Action item - Once the pictures are set aside, transcribe the remaining data exactly.

Phrase grounding data:
──────────

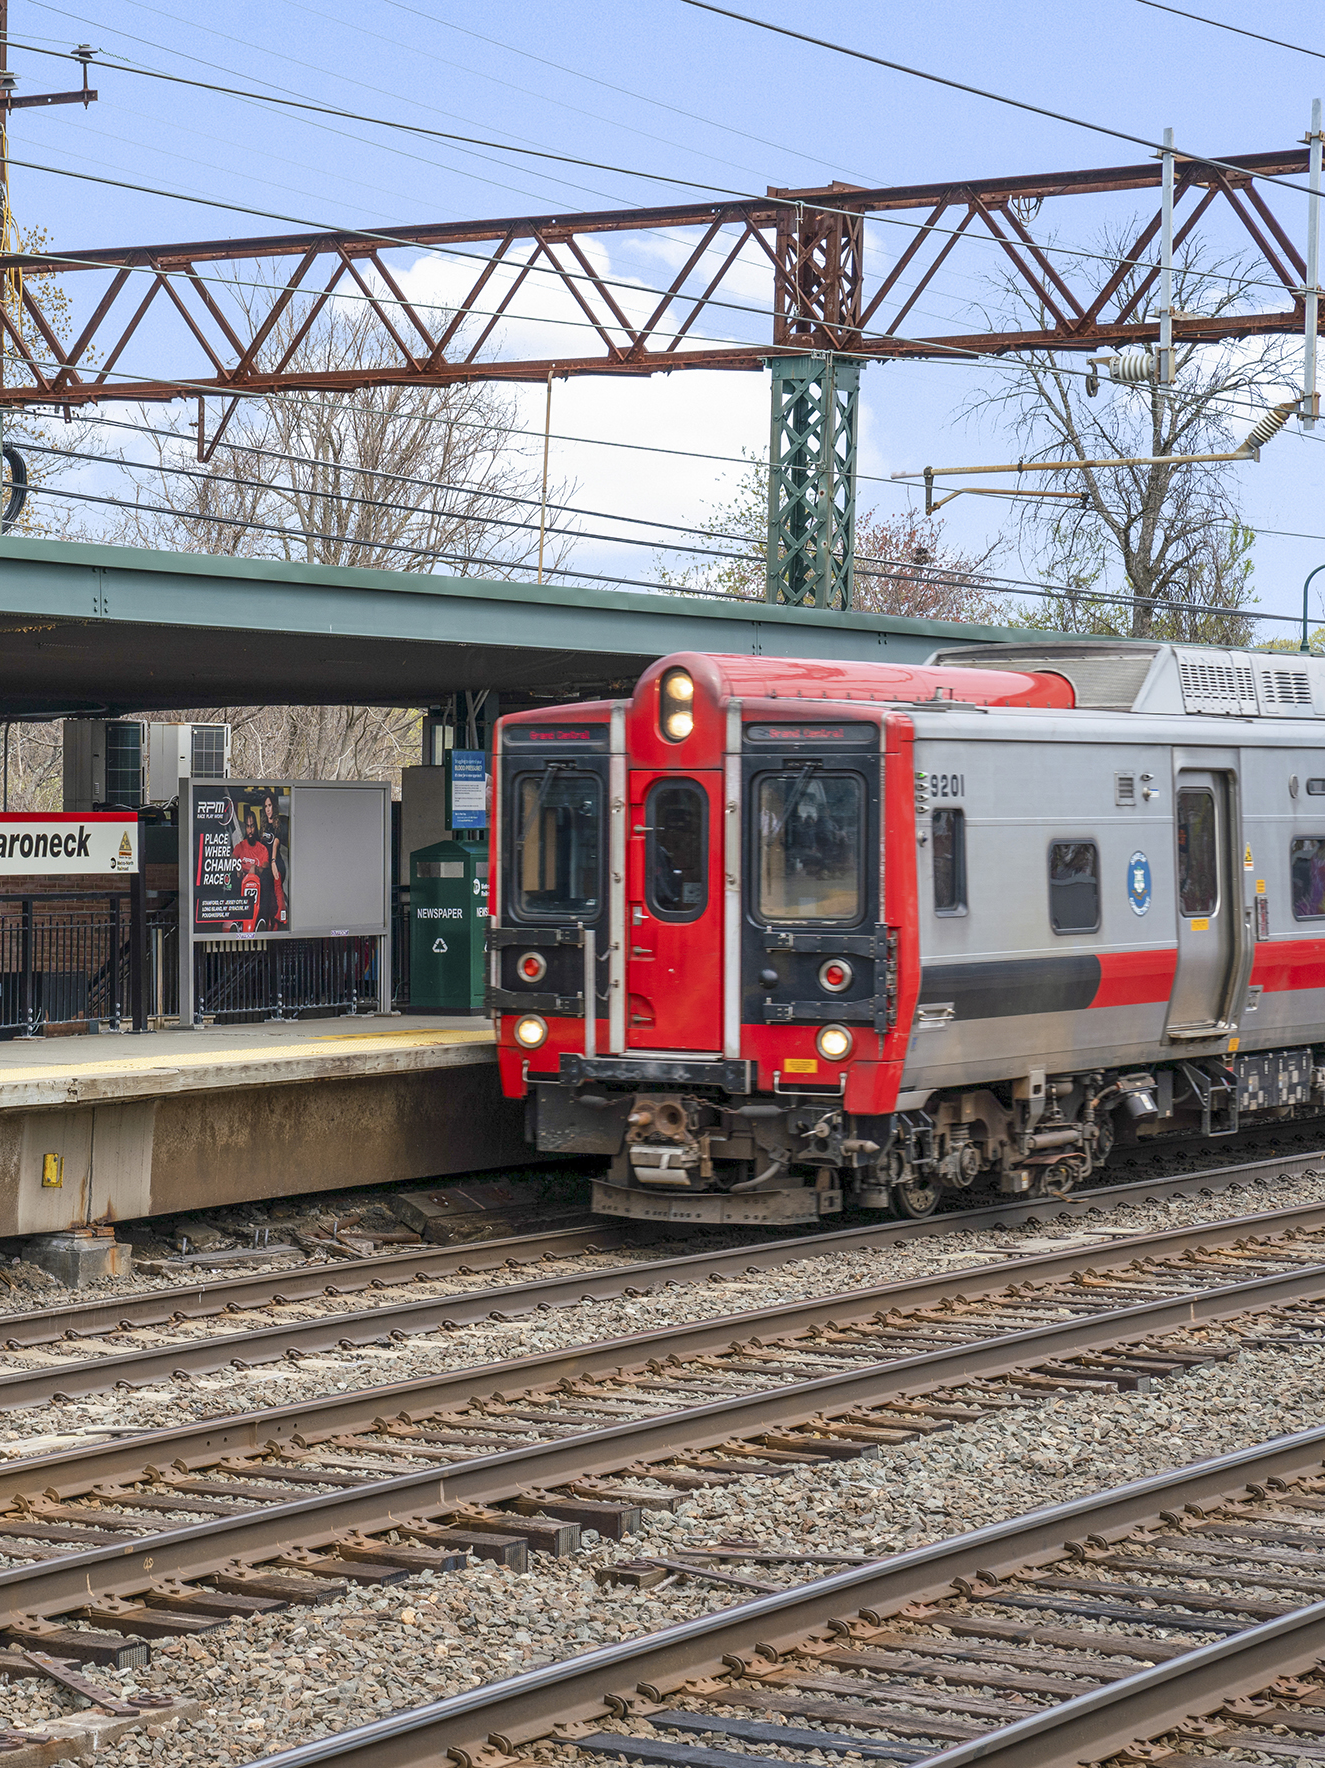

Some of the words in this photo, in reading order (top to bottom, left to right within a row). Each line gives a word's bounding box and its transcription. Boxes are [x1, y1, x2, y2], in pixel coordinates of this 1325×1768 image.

[529, 731, 555, 740] Grand
[556, 730, 590, 739] Central
[769, 728, 800, 738] Grand
[803, 728, 845, 738] Central
[930, 774, 965, 797] 9201
[197, 801, 225, 813] RPM
[204, 833, 229, 845] PLACE
[204, 846, 231, 857] WHERE
[204, 858, 242, 872] CHAMPS
[203, 873, 224, 885] RACE
[417, 908, 463, 919] NEWSPAPER
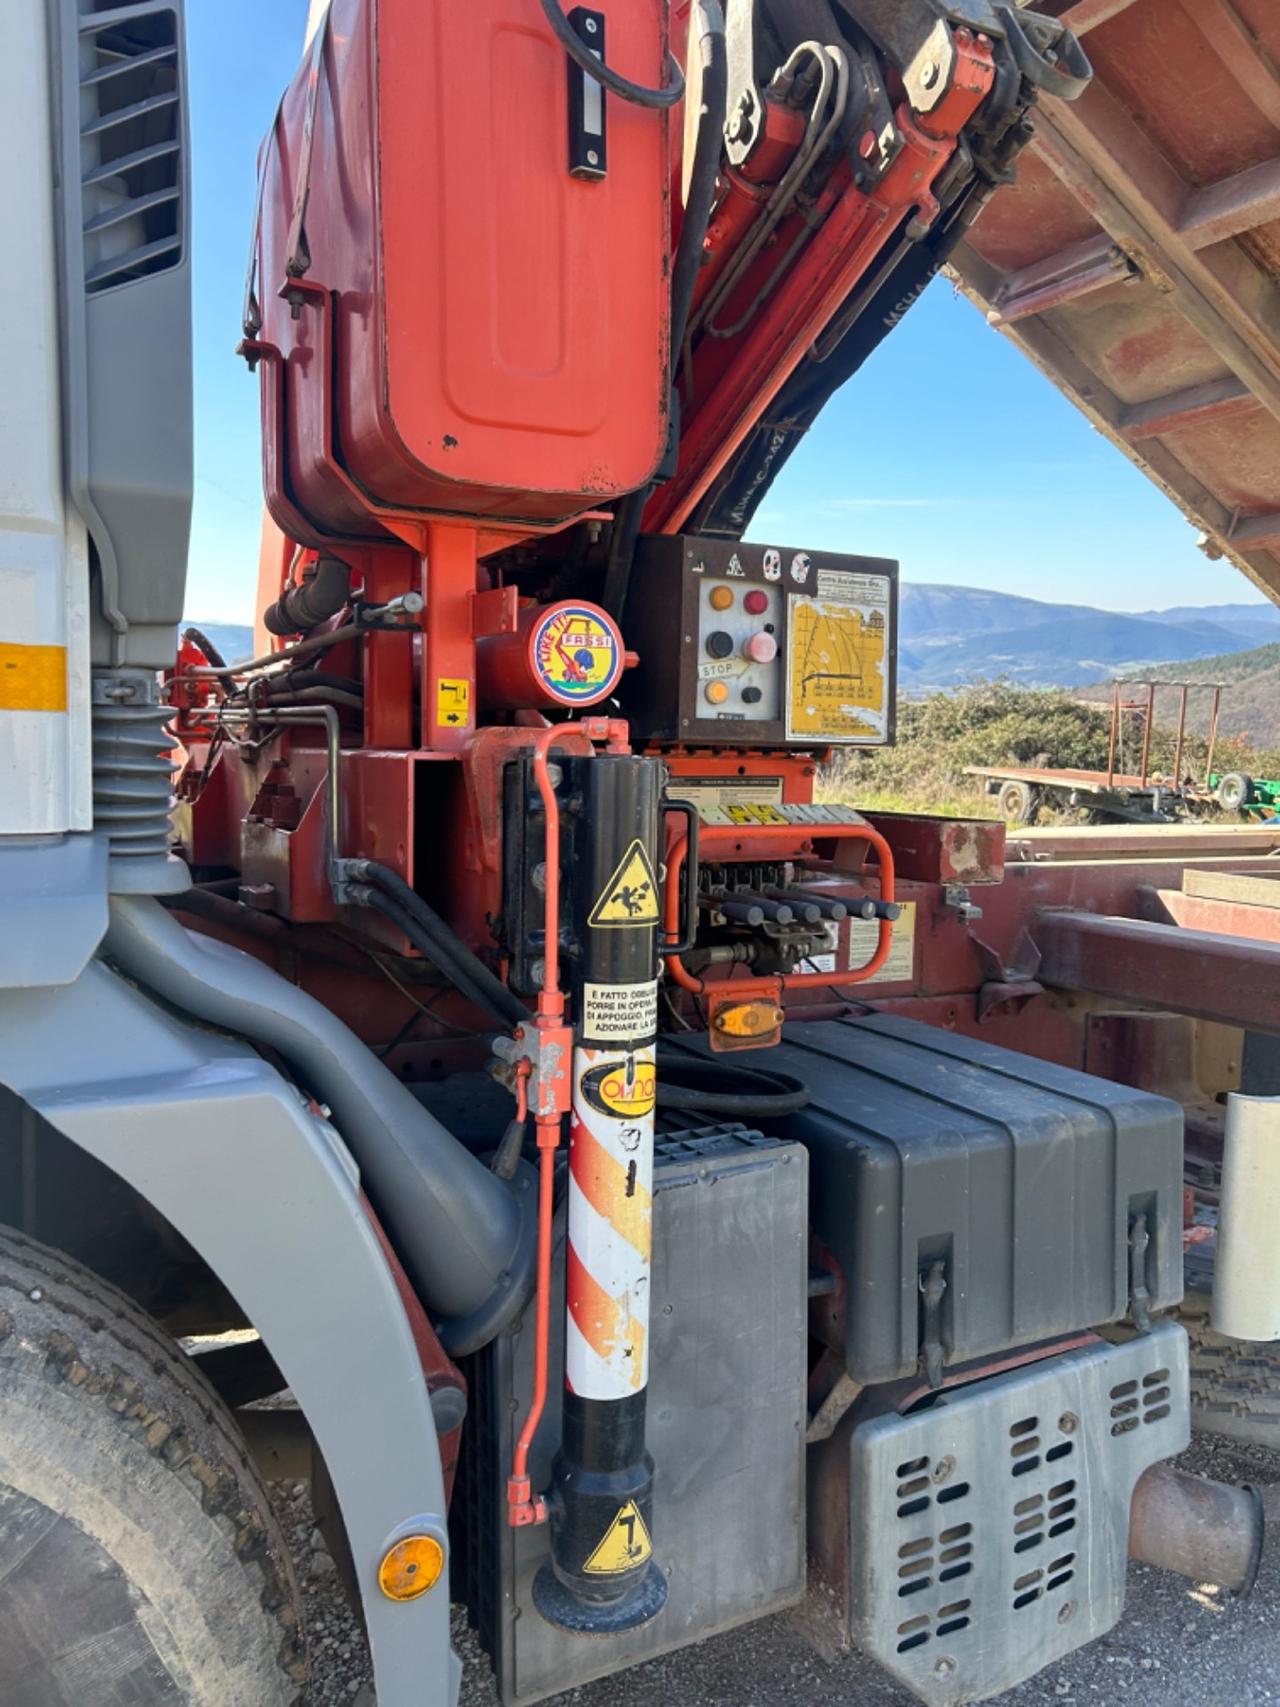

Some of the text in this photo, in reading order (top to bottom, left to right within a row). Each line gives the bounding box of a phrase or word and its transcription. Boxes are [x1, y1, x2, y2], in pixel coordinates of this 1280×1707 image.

[564, 635, 611, 647] FASSI
[541, 632, 555, 662] LIKE
[703, 664, 732, 677] STOP
[600, 992, 628, 1000] FATTO
[587, 1001, 615, 1010] PORRE
[617, 1002, 627, 1010] IN
[595, 1022, 637, 1032] AZIONARE
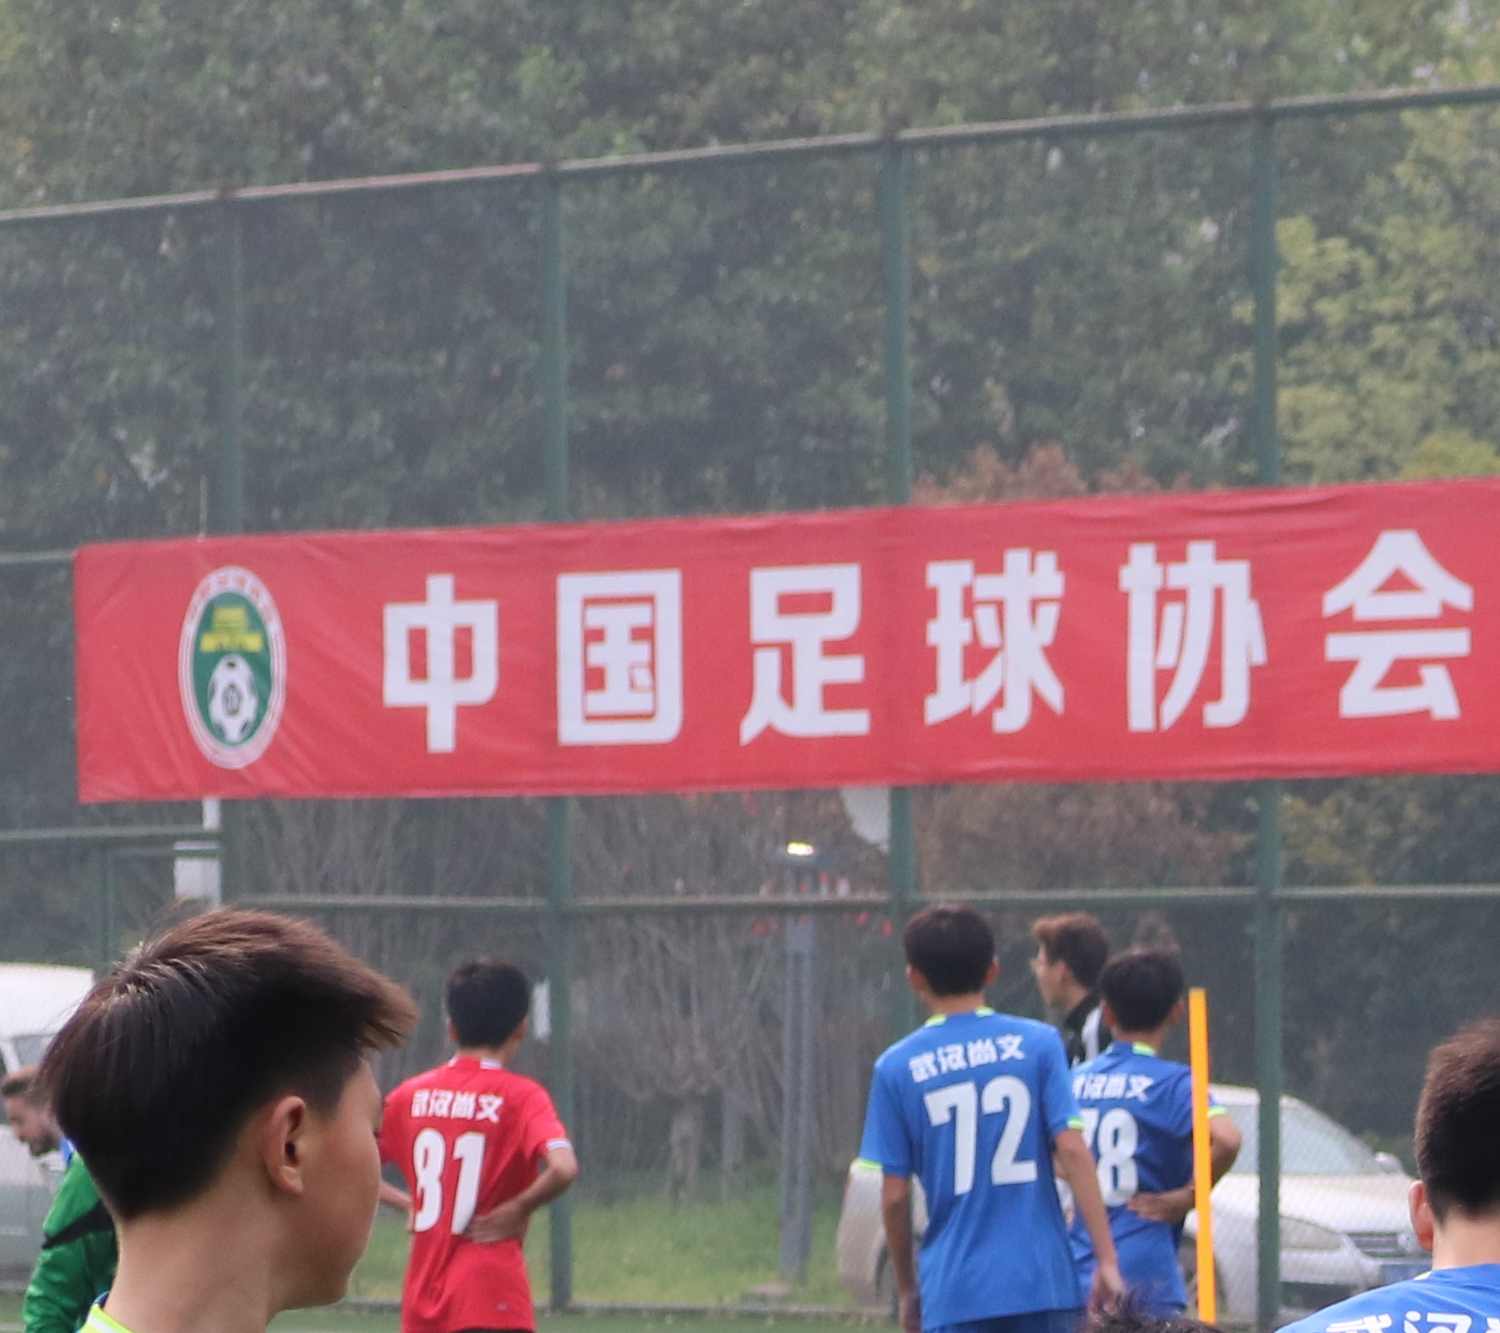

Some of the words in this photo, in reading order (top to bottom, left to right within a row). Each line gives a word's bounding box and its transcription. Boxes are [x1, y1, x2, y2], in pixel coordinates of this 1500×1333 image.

──────────

Task output -
Some of the words in this photo, in reading order (top to bottom, left to right within a row). Each line gives a word's bounding box and its transcription. Boxes are [x1, y1, x2, y2], in pixel coordinates of this 1325×1768 image.

[529, 731, 555, 740] Grand
[556, 730, 590, 739] Central
[769, 728, 800, 738] Grand
[803, 728, 845, 738] Central
[930, 774, 965, 797] 9201
[197, 801, 225, 813] RPM
[204, 833, 229, 845] PLACE
[204, 846, 231, 857] WHERE
[204, 858, 242, 872] CHAMPS
[203, 873, 224, 885] RACE
[417, 908, 463, 919] NEWSPAPER

Some of the text in this photo, in reading order (top to bottom, left to right within a row). Each line gives the bounding box of a phrase or word and its transcription. Boxes are [x1, y1, x2, y2], in pixel coordinates of this 1280×1707 image.

[564, 635, 611, 647] FASSI
[541, 632, 555, 662] LIKE
[703, 664, 732, 677] STOP
[600, 992, 628, 1000] FATTO
[587, 1001, 615, 1010] PORRE
[617, 1002, 627, 1010] IN
[595, 1022, 637, 1032] AZIONARE

Some of the words in this photo, in reading order (top to bottom, left to right within a row). Each line gives a word's bounding box and its transcription. Boxes are [x1, y1, x2, y2], in pixel coordinates of this 1500×1333 image.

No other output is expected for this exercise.